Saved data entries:
=-=-=

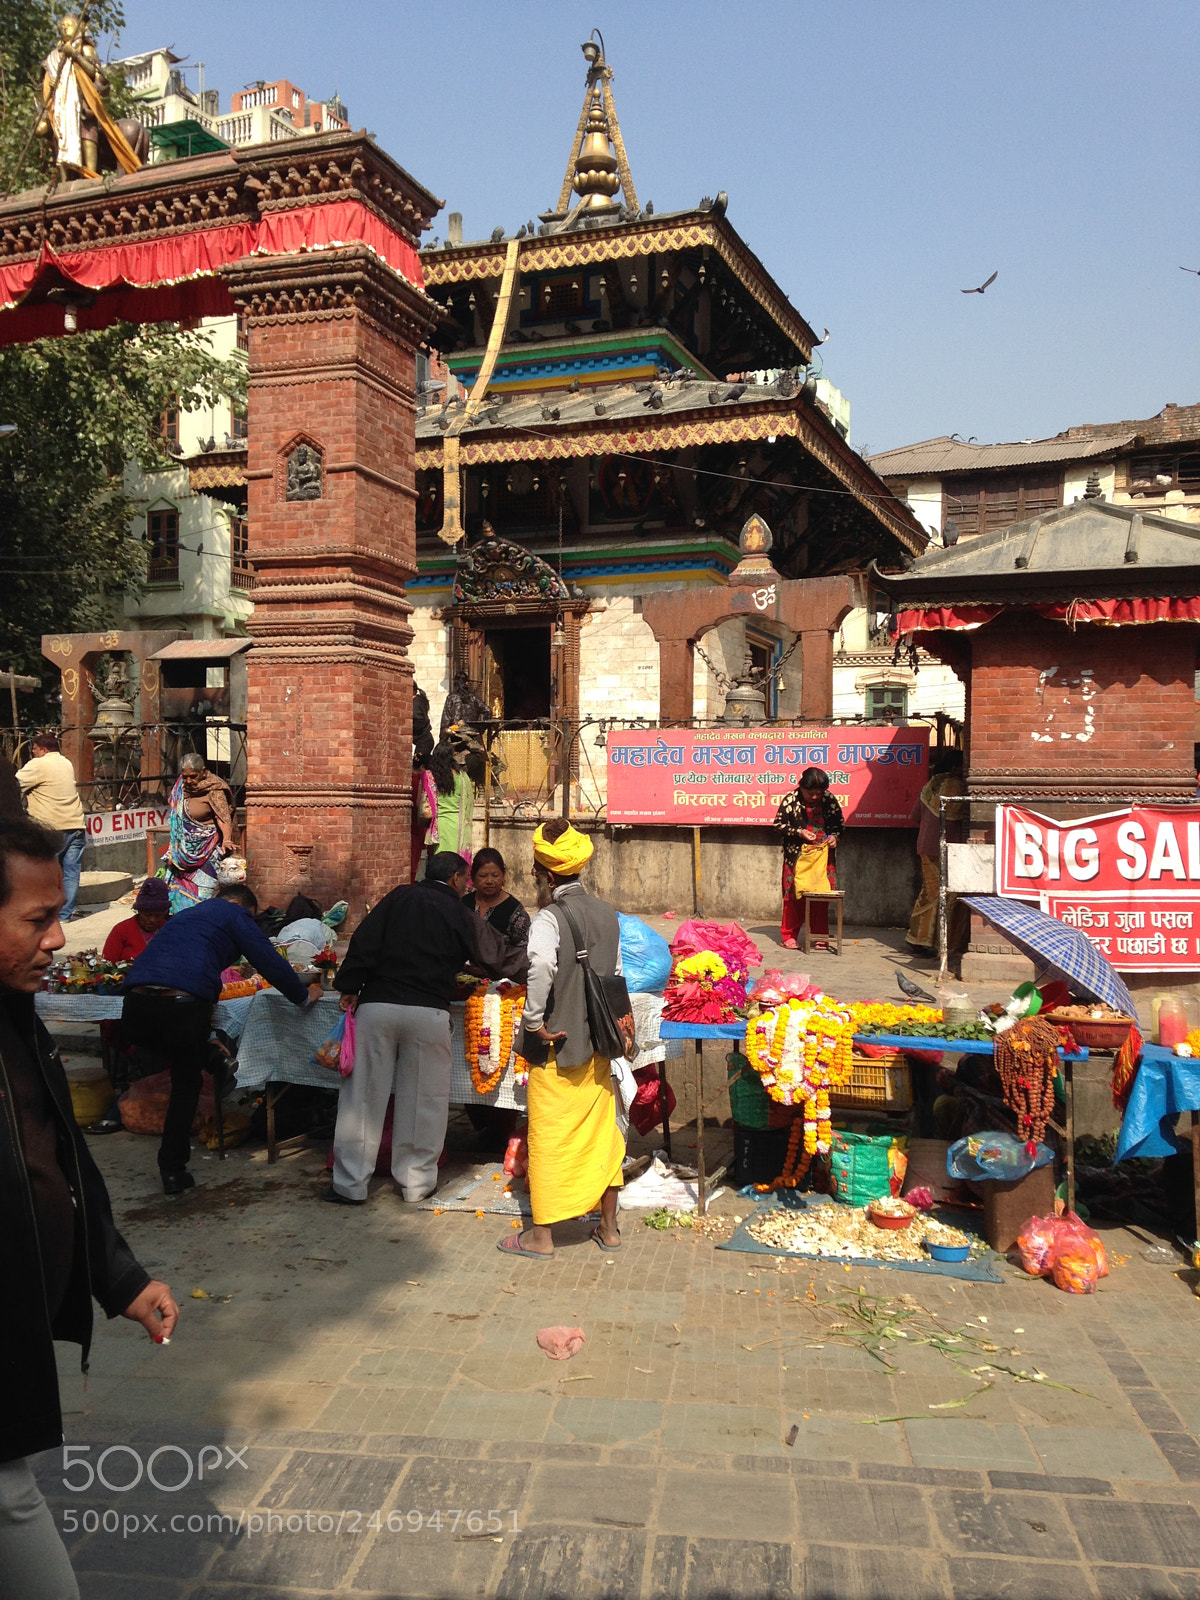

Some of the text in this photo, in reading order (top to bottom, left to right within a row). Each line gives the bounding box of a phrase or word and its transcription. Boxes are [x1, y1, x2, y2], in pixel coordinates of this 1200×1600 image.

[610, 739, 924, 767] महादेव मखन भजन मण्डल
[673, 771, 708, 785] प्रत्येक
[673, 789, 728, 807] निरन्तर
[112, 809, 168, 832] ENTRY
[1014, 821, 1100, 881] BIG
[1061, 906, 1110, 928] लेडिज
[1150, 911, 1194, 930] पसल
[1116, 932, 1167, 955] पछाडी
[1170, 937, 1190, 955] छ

=-=-=

▸ WORK TO COMPLETE: Leave out the pictures and return every record word for word.

▸ ANSWER SPACE:
Some of the text in this photo, in reading order (top to bottom, left to right within a row). Each line gives the bounding box of a phrase or word and its transcription. Boxes are [x1, y1, x2, y2], in pixel coordinates of this 1200×1600 image.

[610, 739, 924, 767] महादेव मखन भजन मण्डल
[673, 771, 708, 785] प्रत्येक
[673, 789, 728, 807] निरन्तर
[112, 809, 168, 832] ENTRY
[1014, 821, 1100, 881] BIG
[1061, 906, 1110, 928] लेडिज
[1150, 911, 1194, 930] पसल
[1116, 932, 1167, 955] पछाडी
[1170, 937, 1190, 955] छ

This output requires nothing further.